Kalmayi planladigimiz 5-6 gun yerine 2 hafta gecirdik Kambocya’da, Vietnam’in bize yaptigi oyun neticesinde. Bu 2 hafta boyunca oyle cok gezip gordugumuzu soyleyemeyecegim isin gercegi. Biraz tatil biraz gezi oldu bu seferki.
Sadece 3 sehir gorduk. Iyi ki Phnom Penh’e de zaman ayirmisiz, bir gece kalmisiz. Yoksa karambolu gormeden, Kambocya’nin genel olarak huzurlu oldugunu dusunerek ayrilacakmisiz meger.
Bu seyahatte Siem Reap ve Sihanoukville gayet dostane tavri ve ucuz fiyatlari ile gonlumuzu kazanirken, tozlu ve kaotik ortami ile Phnom Penh bizi biraz yordu. Angkor tapinaklarinda sahane ayrintilar bulmak, bisiklet turlari yapmak, kumsal ve tatil gunesinin tatli buyusune kapilmak bize bekledigimizden cok daha eglenceli bir 2 hafta sundu. Bu kisa seyahatten bazi noktalari aktaralim.

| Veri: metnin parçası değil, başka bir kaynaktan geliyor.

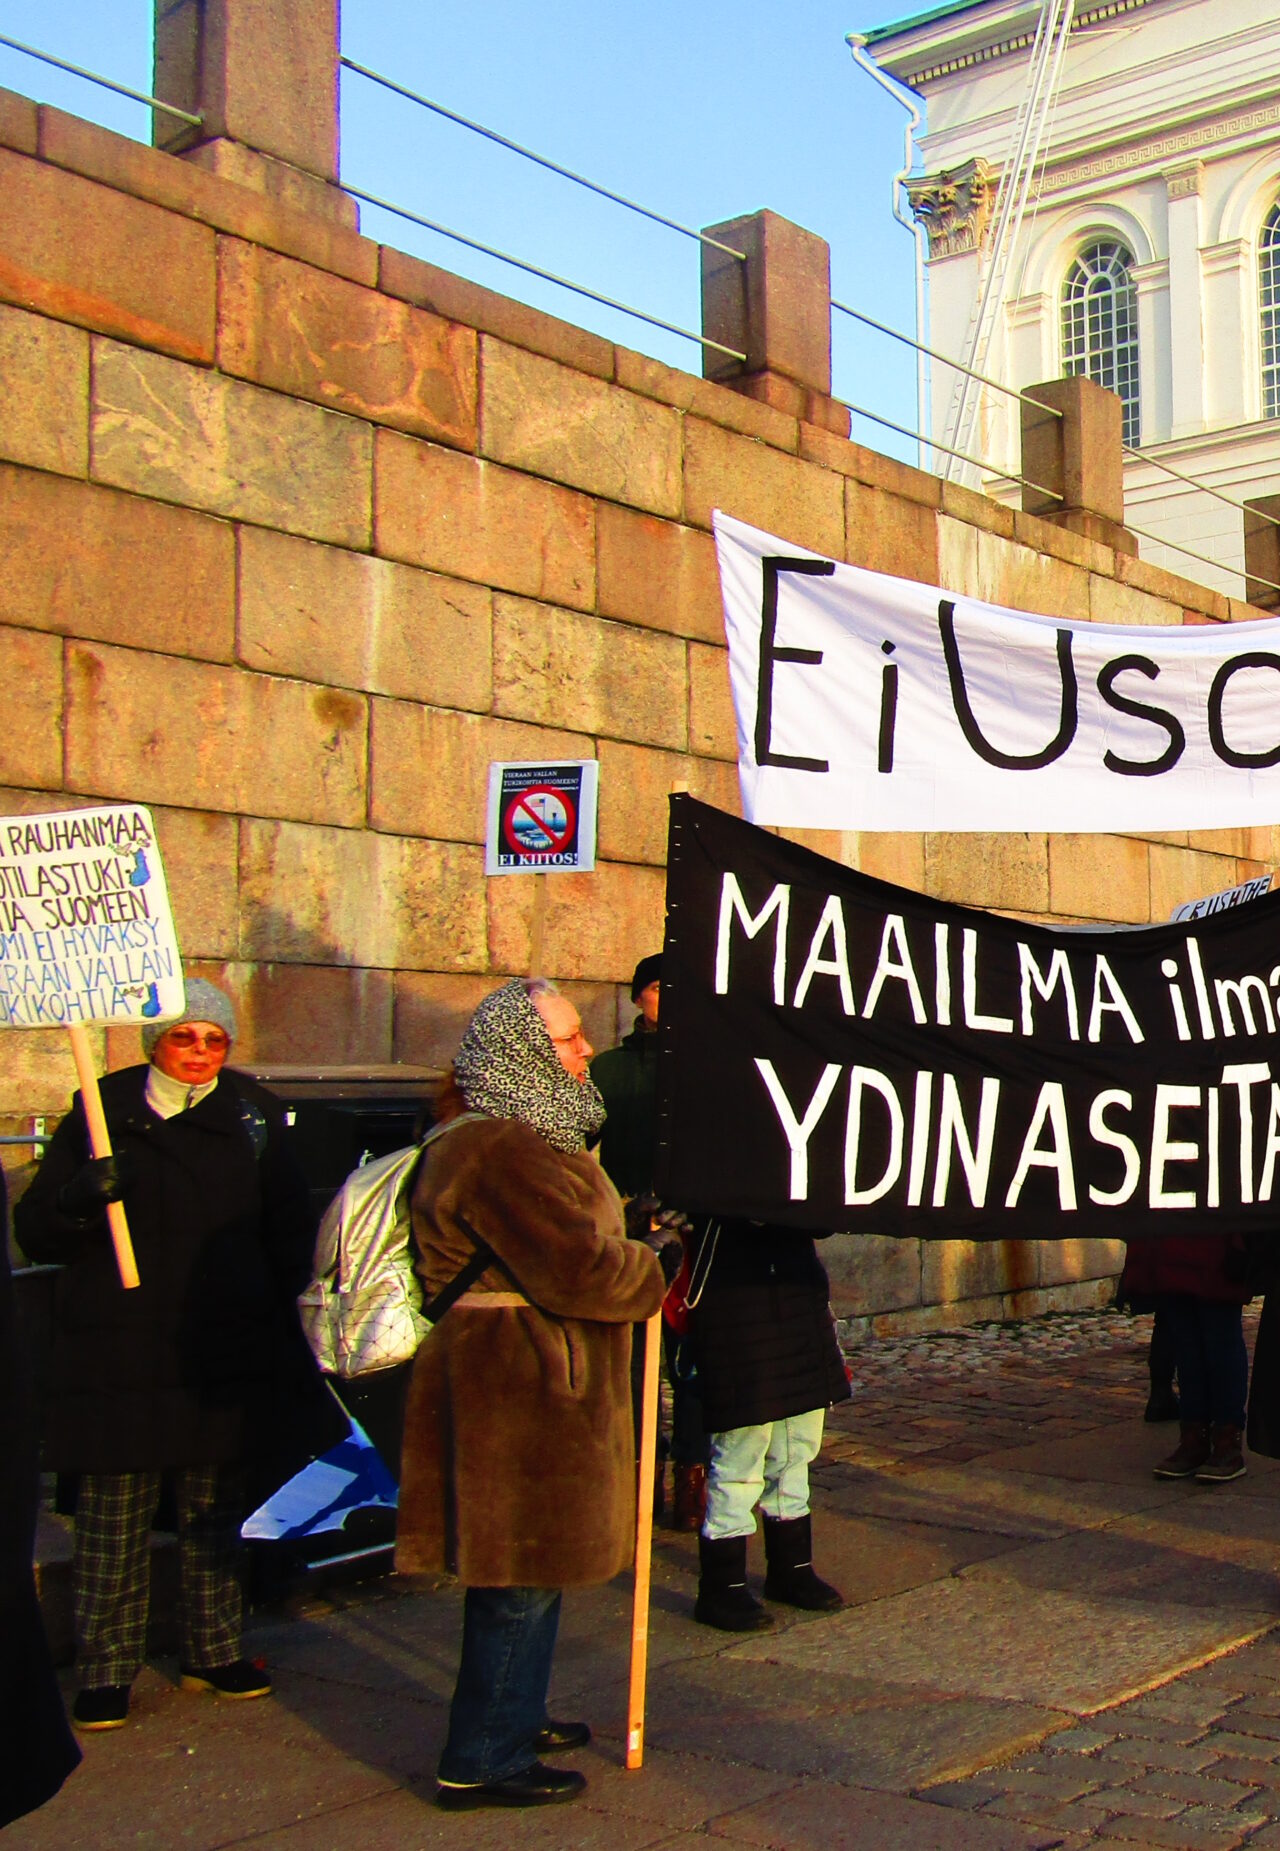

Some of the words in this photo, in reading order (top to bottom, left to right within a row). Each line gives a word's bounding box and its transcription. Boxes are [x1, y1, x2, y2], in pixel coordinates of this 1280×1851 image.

[754, 556, 899, 773] Ei
[7, 812, 152, 856] RAUHANMAA
[500, 853, 516, 866] EI
[519, 852, 579, 866] KIITOS!
[41, 888, 151, 931] SUOMEEN
[33, 930, 56, 962] EI
[714, 872, 1145, 1044] MAAILMA
[76, 947, 174, 989] VALLAN

Siem Reap’te o kadar cok goze batmasa da ozellikle Sihanoukville’de fark ediliyor ki misafirhaneler, barlar ve dukkanlar batili insanlar tarafindan kurulmus ve isletiliyor. Avrupali, hizmet etmekten hosnut olmayan tatsiz suratlar size “hizmet icin para veriyorsun ama ben istemezsem hizmet etmem” mesajini veriyor. Nezaketten biraz yoksun ve Kambocyalilarin mahcup tavirlarindan eser yok. Buraya gelen yabanci turistlerin pek cogu sirtcantali gezgin sinifindan bile olsa genellikle yabanci isletmecilerin mekanlarini tercih ediyor. Hatta sanki yerel isletmelere ozellikle gitmiyorlar, bahsederken de “suradaki ingilizin mekaninda kaliyoruz, buradaki italyanin pizzalarini yiyoruz” diye bahsediyorlar. “Eee gelmeseydin madem dunyanin bu kosesine, git kendi ulkenin bir kenarinda tatil yap di mi” diye geciriyoruz icimizden. Sirf ucuz diye geliyorlar ama kalkip yine italyan restoraninda yedikleri icin “hemsehri” mantigiyla, normalin 2 kati oduyorlar. Turistler yerlilerden ve yerli mekanlarindan uzak durdugu icin midir nedir kasaba yer yer ikiye bolunmus durumda. Plajin en denize girilesi kismindaki kafelerin sahipleri bolge insanlari ama bu isletmelerde keyif yapan asyali gorunumunde olmayan kimseye rastlayamiyorsunuz.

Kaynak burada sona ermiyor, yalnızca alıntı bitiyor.